The report, titled “Broken, Buried, or Missing: Anatomies of Failure (and Success) of Social Media Child Safety Features,” was published June 29 by the Cybersafety Research Center, a joint research initiative of New York University and Northeastern University. It was produced with support from Heat Initiative, a nonprofit that campaigns against online child sexual exploitation. The center describes it as the first independent audit of its kind covering the four platforms.
Researchers tested 86 advertised child safety features across the four platforms. Only 35 both worked as described and were accessible enough for a young user to realistically find and use, the report found. The remaining 51 were classified as missing, broken, or buried, meaning they could not be triggered, did not function as claimed, or were hidden too deep in settings to be practical for a child to use.
Snapchat had the highest failure rate, with 8 of its 11 tested features failing, or about 73 percent. Instagram followed with 19 of 29 features failing, a 66 percent rate. YouTube had 12 of 22 features fail, or 55 percent, and TikTok had 12 of 24 fail, a 50 percent rate, the report said.

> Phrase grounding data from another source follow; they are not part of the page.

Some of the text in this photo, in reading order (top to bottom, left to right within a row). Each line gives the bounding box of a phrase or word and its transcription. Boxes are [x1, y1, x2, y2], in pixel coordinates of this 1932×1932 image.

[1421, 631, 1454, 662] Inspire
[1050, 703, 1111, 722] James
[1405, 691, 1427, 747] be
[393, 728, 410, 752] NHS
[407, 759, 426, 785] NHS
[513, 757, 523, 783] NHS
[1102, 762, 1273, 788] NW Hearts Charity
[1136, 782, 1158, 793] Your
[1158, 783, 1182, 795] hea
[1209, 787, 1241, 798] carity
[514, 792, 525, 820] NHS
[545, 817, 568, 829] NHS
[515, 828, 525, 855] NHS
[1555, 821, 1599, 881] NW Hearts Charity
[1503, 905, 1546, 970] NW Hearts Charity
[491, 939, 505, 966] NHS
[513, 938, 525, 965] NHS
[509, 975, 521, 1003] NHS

Researchers said they evaluated each feature on two measures, whether it functioned the way the company described, and whether a child could reasonably find and activate it. Tools that required several difficult steps, were buried deep in settings menus, or failed to activate during testing were not counted as successful.
Among the more serious concerns were failures involving search restrictions meant to keep children from finding harmful material. All four platforms advertise tools that intercept dangerous search terms and redirect young users toward support resources. Researchers said the protections on Instagram, Snapchat and TikTok could be defeated simply by misspelling a search term or leaving it incomplete, and that Instagram’s and TikTok’s own built-in search suggestions sometimes offered alternative wording that led directly around the restrictions. On YouTube, researchers said a similar restriction could be bypassed by clicking through a warning screen.
The four companies disputed parts of the findings when contacted by CNN. A TikTok spokesperson pointed to more than 50 preset safety settings automatically applied to teen accounts, along with its Family Pairing tool for parents. Snapchat said many of the findings reflected deliberate attempts to bypass safeguards rather than how teenagers typically use the app. Meta and YouTube said their time-limit and break-reminder tools work as intended, and said parental controls on screen time should not be judged by the same standard as general in-app reminders.
The findings carry particular weight for parents who rely on platform settings to judge whether a child is ready to use social media. The report does not argue that safety tools are useless. Researchers pointed to some features, including default private accounts for teens on Instagram and a restricted, view-only mode for younger TikTok users, as examples of designs that worked as intended. But it says these tools, taken as a whole, should not be treated as a complete protection system. 3A1Z Stories, a family and parenting platform has also covered the findings and said that checking privacy, messaging and screen-time settings directly inside each app, along with talking with children about their online experience, remains worthwhile regardless of how any single feature performs.
Governments around the world have increased pressure on technology companies over child safety in recent months. The European Union’s Digital Services Act requires platforms accessible to minors to take measures to protect them and bans targeted advertising to children based on profiling.
Australia has enforced a ban on social media accounts for children under 16 since December 2025. In the United Kingdom, the government announced June 15 that it would go further than its existing Online Safety Act, barring children under 16 from platforms including Instagram, Snapchat, TikTok and YouTube in a model similar to Australia’s, with the new restrictions expected to take effect in spring 2027.
For parents, educators and policymakers, the findings add to a broader debate over whether voluntary safety tools are enough on their own, or whether social media platforms need independent testing and stronger accountability before advertising their products as safe for children.